Products can have complex significance underpinned by complex social networks

Pound’s case study, in this volume, on a programme to control bacterial wilt in potatoes in Nepal, highlights how efforts by individuals or small groups alone would not succeed. It required 100 per cent participation in the implementation of a moratorium on potatoes in infested lands for three years. The study shows how interaction between villages and farmers shaped pest and disease management strategies. It also shows the breadth of these interactions, and the complexities of trying to close off sources of diseased potatoes in a programme to fight wilt – where the role of potatoes as a gift had to be addressed. Complex interfaces between villages and families had to be examined to understand how seed potatoes were produced and acquired – and exchanged. This draconian demand to stop the exchange of potatoes only held in areas where potatoes were of primary economic importance, and where the social networks ‘oiled’ by potatoes in normal daily life were strong enough to enforce a ban. Pound’s case study, in this volume, reminds people of the much broader range of cultural practices that surround resource use and production choices – and the stress of altering cultural practices such as the exchange of potatoes as gifts. This was a timely reminder that poor ‘community participation’ can forestall change even if it is technically feasible. In addition, it is vital to understand the diverse social and political forces that might lie behind ‘poor community participation’ in order to achieve greater collective action against pests and diseases.

 

Building groups is an evolutionary process

Garrity’s description of the Landcare movement in the Philippines case study, in this volume, shows how a build-up of locally defined movements can help groups determine which principles and experiences to adopt for themselves, but at the same time it highlights three significant concerns. The first is that the project is sufficiently popular that the initiative becomes ‘projectized’, attracting more ‘top-down’ projects that do not fully understand the concepts involved, and ultimately defeat the idea of a farmer movement. The second is that such movements are not easy to maintain, and need external networks and stimulation in the long term. The third concern is that group leadership is a demanding and exhausting task. Garrity emphasizes how both public and NGO support can facilitate group formation through helping members develop managerial capabilities, capture information and even arrange specific funds – without interfering in their decision-making on appropriate action. This illustrates the challenges of keeping the Landcare movement alive so that it can actualize itself locally, without being taken over by top-down approaches. Garrity also highlights the burnout of researchers made possible by the stress of these approaches, which have high expectations.
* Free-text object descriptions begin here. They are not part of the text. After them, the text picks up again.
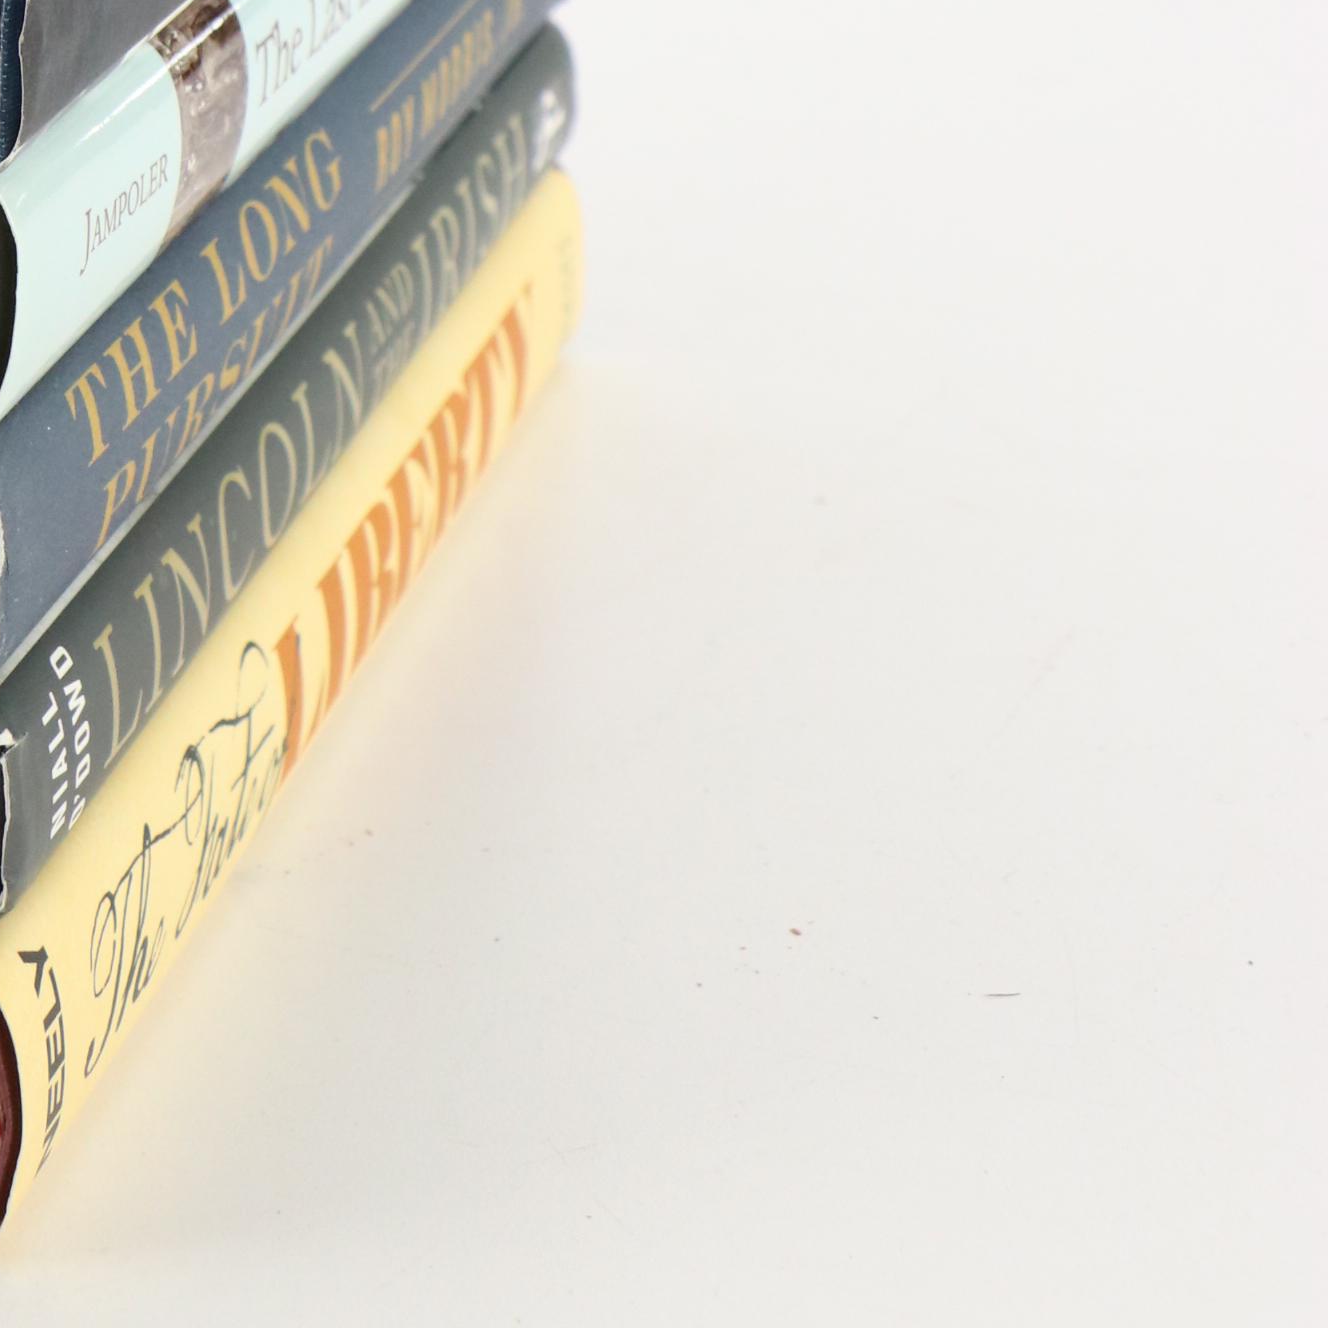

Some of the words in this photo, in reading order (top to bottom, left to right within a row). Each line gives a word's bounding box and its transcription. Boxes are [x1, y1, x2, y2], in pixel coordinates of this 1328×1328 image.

[255, 20, 305, 108] The
[64, 279, 198, 468] THE
[199, 127, 343, 326] LONG
[410, 112, 529, 342] IRISH
[92, 321, 365, 771] LINCOLN
[274, 280, 535, 790] LIBERTY
[41, 691, 68, 840] NIALL
[49, 645, 92, 830] O'DOWD
[17, 945, 66, 1178] NEELY
[83, 821, 166, 1078] The
BOX 7.9 RETHINKING RESEARCH DESIGN: NEW KNOWLEDGE PARTNERSHIPS, NEW METHODS

Snapp’s case study on soil fertility research in Malawi and Zimbabwe, in this volume, emphasizes how a commitment to reach farmers not engaging in extension advice had increased discussion and openness regarding the dissemination of broader ‘rules of thumb’ and guidelines rather than specific facts and instructions. Farmer-to-farmer exchange was probably the most important means of technology dissemination. Mother–baby trials, where a conventional multi-plot trial could be laid out in a village and linked with simpler trials in the same area by local farmers who each replicated just one of the experiments in the multi-plot, was a new form of fused scientific approach.

The Braun et al case study, in this volume, of the Local Committees for Agricultural Research (CIALs) describes how local agricultural research committees were created in eight Latin American countries, with a volunteer research team chosen by the community for their aptitude. Braun and colleagues describe the design and facilitation of these local organizations that can understand participatory design for local needs. The volunteer teams could set out to promote knowledge generated through experience with farming systems showing improvement through participatory generation/modification of technologies. This case study shows how group concerns about research topic selection are often different from those of researchers, covering questions of cost, length, risks, benefits and relevance to the community and what other work is already being done. It describes how the design of experiments had to accommodate local concerns to minimize risks and losses. The researchers also worked to demonstrate technological alternatives that were relevant to the community, rather than testing particular options in order to answer other scientific or ecological questions.

Dey and Prein’s case study, in this volume, of the introduction of fish culture in deep water rice (in research sites in Vietnam and Bangladesh) involved technical options designed by researchers in consultation with users and based on users’ needs and indigenous knowledge. They used small trials as a basis for discussion, with researchers acting as resource persons, and not just as data managers. Users also designed institutional options for research testing, with a group formed to oversee various duties.

Vaughan’s case study, in this volume, on initiatives to improve soil fertility in southern Africa used a framework where more valuable knowledge could be an outcome of interaction between a ‘hard system’ of knowledge (as in scientific modelling) and a ‘soft system’ (as in knowledge gained from participatory methods with farmers). In addition to conventional biophysical models, hard systems used farmer-behavioural models based on the likely actions of socioeconomic groups, given their resources and agroecological zone factors. However, these would also be tested and transformed by information from the soft side, to enable a new knowledge set on ‘risk management’ to guide experiments for improving soil fertility.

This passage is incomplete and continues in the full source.